T2 will provide that, in order for an IRS notice of deficiency to be entitled to the
presumption of correctness, the IRS will be required to have physically examined the
underlying tax return, where such return has been filed. Additionally, T2 will amend
section 6212(a) to provide that a "determination" must be "a thoughtful and
considered determination that the United States is entitled to an amount not yet
paid." Portillo vs. Commissioner, 832 F.2d 1128 (5th Circuit 1991). If the IRS fails
to make a thoughtful and considered determination, then the notice of deficiency will be
invalid.
14. Procedural Safeguard Where IRS Determines a Tax Deficiency Based on Information
Return Reporting. T2 will provide that where the taxpayer asserts a non-frivolous dispute
with respect to any item of income reported to the IRS on an information return, the IRS,
not the taxpayer, will bear the burden of proof in any deficiency or refund proceeding
absent a showing that the IRS conducted a reasonable investigation of the facts and
physically examined the taxpayer's return.
15. Tax Preparation Fees. T2 will provide that fees incurred with respect to the
preparation of "Schedule C" (Unincorporated Trade or Business), or
"Schedule F" (Farm Income and Expenses) will be allowed as an ordinary and
necessary business expense. Thus, such fees will not be subject to the two-percent floor
of applicable to miscellaneous itemized deductions. As a result, unincorporated taxpayers
or farmers will not be at a disadvantage compared to incorporated businesses that incur
tax preparation fees. The IRS has taken the position that such expenses are subject to the
two-percent floor.
16. Designated Summons. IRC section 6503(k) permits the IRS to issue a "designated
summons" directing the production of documents or other information in connection
with the audit of a corporate taxpayer. There is no requirement that the IRS notify the
taxpayer that a designated summons is about to be issued. Under present law, the IRS may
issue a designated summons with just 60 days remaining on the statute of limitations, and
if the taxpayer does not comply fully with the summons in a relatively short period of
time, then the IRS can suspend the statute of limitations by seeking judicial enforcement
of that summons. While there may be situations where the use of a designated summons late
in the audit process may be appropriate, nonetheless the IRS should not be allowed to
surprise taxpayers who reasonably and in good faith believed that the statute of
limitations was soon going to expire.
T2 will require the IRS to first seek the requested documents or other information
informally. Additionally, IRS will be required to provide written notice that a designated
summons is going to be issued and provide an explanation as to why the response, if any,
to the prior informal request was not sufficient. Finally, the taxpayer would have the
right to a conference with IRS within 15 business days of such written notice. Section
6503(k) provides the IRS with an extraordinary compliance tool, and taxpayers should
fairly be warned when IRS intends to utilize it.

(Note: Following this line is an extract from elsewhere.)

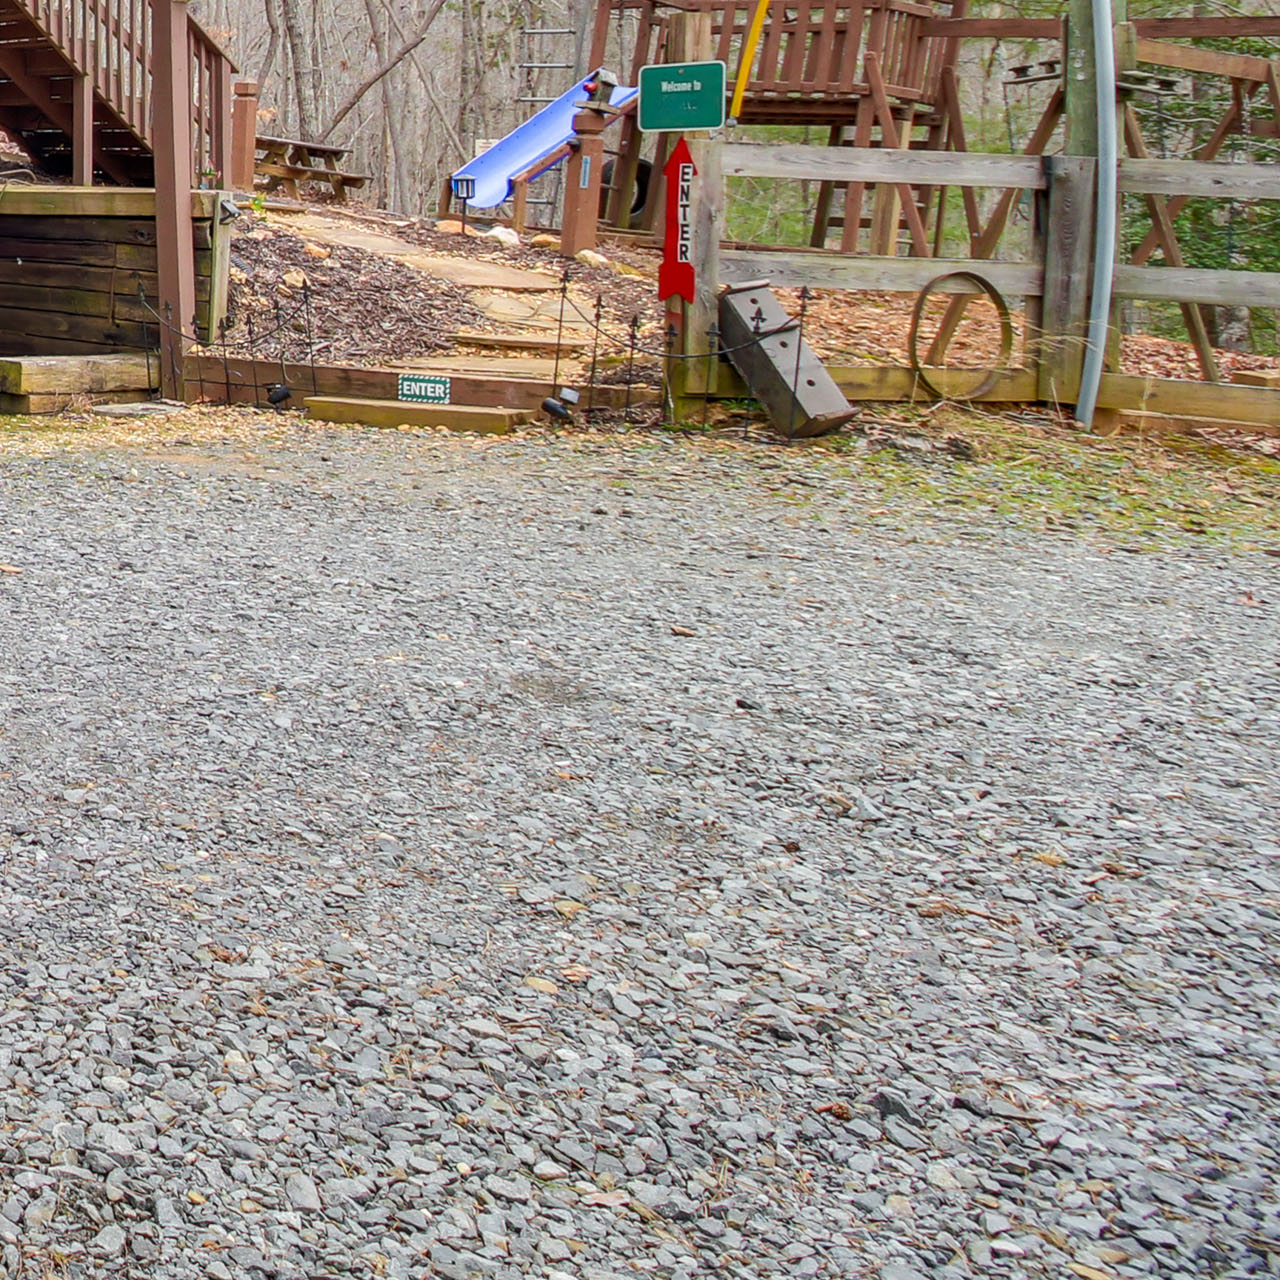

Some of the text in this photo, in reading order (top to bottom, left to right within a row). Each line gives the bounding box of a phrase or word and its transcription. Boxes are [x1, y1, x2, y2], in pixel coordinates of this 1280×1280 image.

[661, 80, 701, 92] Welcome to
[680, 165, 691, 261] ENTER
[403, 381, 445, 397] ENTER
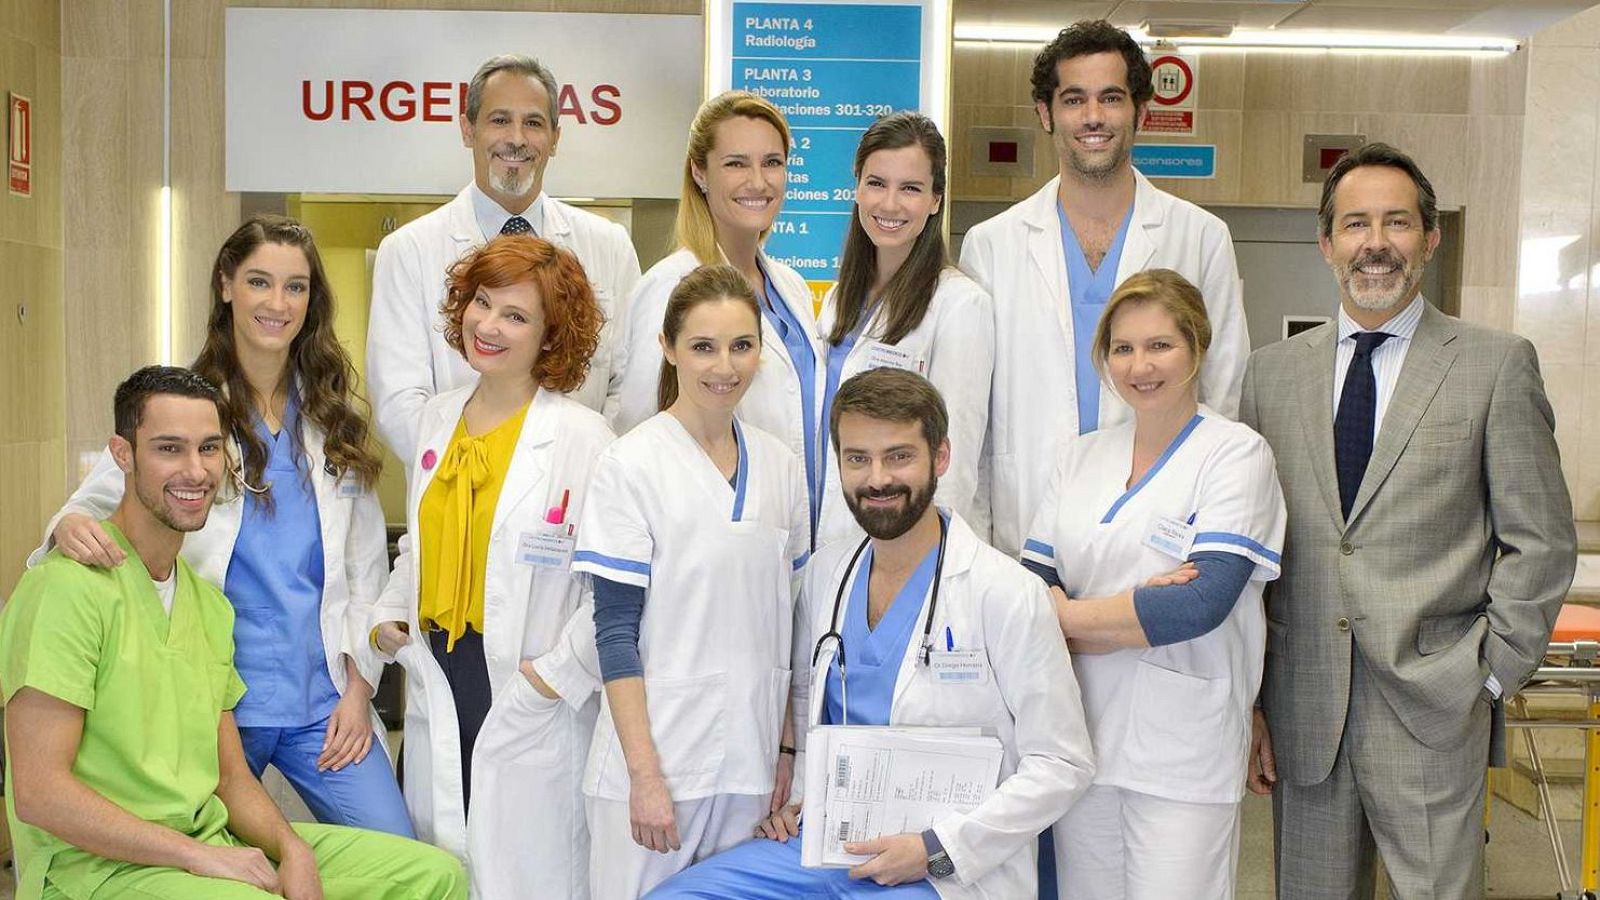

17. Increase Levy Exemption Amount. T2 will raise the levy exemption amounts of $1500
for personal property and of $1100 for equipment and property for a trade, business, or
profession to the present indexed amounts.
18. Taxpayer's Right to an Installment Agreement. T2 will provide that an individual
taxpayer has an automatic right to an installment agreement if the taxpayer has not been
delinquent in the previous 3 years and the liability was under $10,000. This provision
will be limited to individual Form 1040 taxes.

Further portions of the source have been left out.